__Action item__: Start to finish, reproduce the records below with nothing missing.

__Study material__:
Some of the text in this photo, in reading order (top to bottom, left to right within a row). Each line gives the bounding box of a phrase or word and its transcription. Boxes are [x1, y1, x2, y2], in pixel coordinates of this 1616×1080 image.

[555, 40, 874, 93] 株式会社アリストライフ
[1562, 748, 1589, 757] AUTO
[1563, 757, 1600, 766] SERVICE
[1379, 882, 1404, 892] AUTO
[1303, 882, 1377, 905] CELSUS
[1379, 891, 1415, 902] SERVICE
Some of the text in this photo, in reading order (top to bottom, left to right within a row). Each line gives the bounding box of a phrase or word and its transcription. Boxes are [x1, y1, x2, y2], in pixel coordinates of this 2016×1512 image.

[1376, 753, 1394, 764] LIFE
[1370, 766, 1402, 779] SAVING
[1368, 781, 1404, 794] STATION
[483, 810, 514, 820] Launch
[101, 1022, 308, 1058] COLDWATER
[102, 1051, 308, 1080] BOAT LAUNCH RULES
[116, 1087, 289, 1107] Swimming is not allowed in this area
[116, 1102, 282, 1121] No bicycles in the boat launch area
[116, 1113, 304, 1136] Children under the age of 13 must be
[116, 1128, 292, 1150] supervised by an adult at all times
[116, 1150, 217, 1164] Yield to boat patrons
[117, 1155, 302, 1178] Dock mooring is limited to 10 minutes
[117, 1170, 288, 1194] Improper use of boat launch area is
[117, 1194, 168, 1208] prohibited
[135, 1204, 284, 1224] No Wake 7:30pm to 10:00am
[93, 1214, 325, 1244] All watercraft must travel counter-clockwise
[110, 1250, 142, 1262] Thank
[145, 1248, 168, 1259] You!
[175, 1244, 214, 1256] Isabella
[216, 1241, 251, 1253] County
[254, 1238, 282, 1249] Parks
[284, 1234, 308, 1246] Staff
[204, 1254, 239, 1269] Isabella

__Result for this task__:
Some of the text in this photo, in reading order (top to bottom, left to right within a row). Each line gives the bounding box of a phrase or word and its transcription. Boxes are [x1, y1, x2, y2], in pixel coordinates of this 1616×1080 image.

[555, 40, 874, 93] 株式会社アリストライフ
[1562, 748, 1589, 757] AUTO
[1563, 757, 1600, 766] SERVICE
[1379, 882, 1404, 892] AUTO
[1303, 882, 1377, 905] CELSUS
[1379, 891, 1415, 902] SERVICE
Some of the text in this photo, in reading order (top to bottom, left to right within a row). Each line gives the bounding box of a phrase or word and its transcription. Boxes are [x1, y1, x2, y2], in pixel coordinates of this 2016×1512 image.

[1376, 753, 1394, 764] LIFE
[1370, 766, 1402, 779] SAVING
[1368, 781, 1404, 794] STATION
[483, 810, 514, 820] Launch
[101, 1022, 308, 1058] COLDWATER
[102, 1051, 308, 1080] BOAT LAUNCH RULES
[116, 1087, 289, 1107] Swimming is not allowed in this area
[116, 1102, 282, 1121] No bicycles in the boat launch area
[116, 1113, 304, 1136] Children under the age of 13 must be
[116, 1128, 292, 1150] supervised by an adult at all times
[116, 1150, 217, 1164] Yield to boat patrons
[117, 1155, 302, 1178] Dock mooring is limited to 10 minutes
[117, 1170, 288, 1194] Improper use of boat launch area is
[117, 1194, 168, 1208] prohibited
[135, 1204, 284, 1224] No Wake 7:30pm to 10:00am
[93, 1214, 325, 1244] All watercraft must travel counter-clockwise
[110, 1250, 142, 1262] Thank
[145, 1248, 168, 1259] You!
[175, 1244, 214, 1256] Isabella
[216, 1241, 251, 1253] County
[254, 1238, 282, 1249] Parks
[284, 1234, 308, 1246] Staff
[204, 1254, 239, 1269] Isabella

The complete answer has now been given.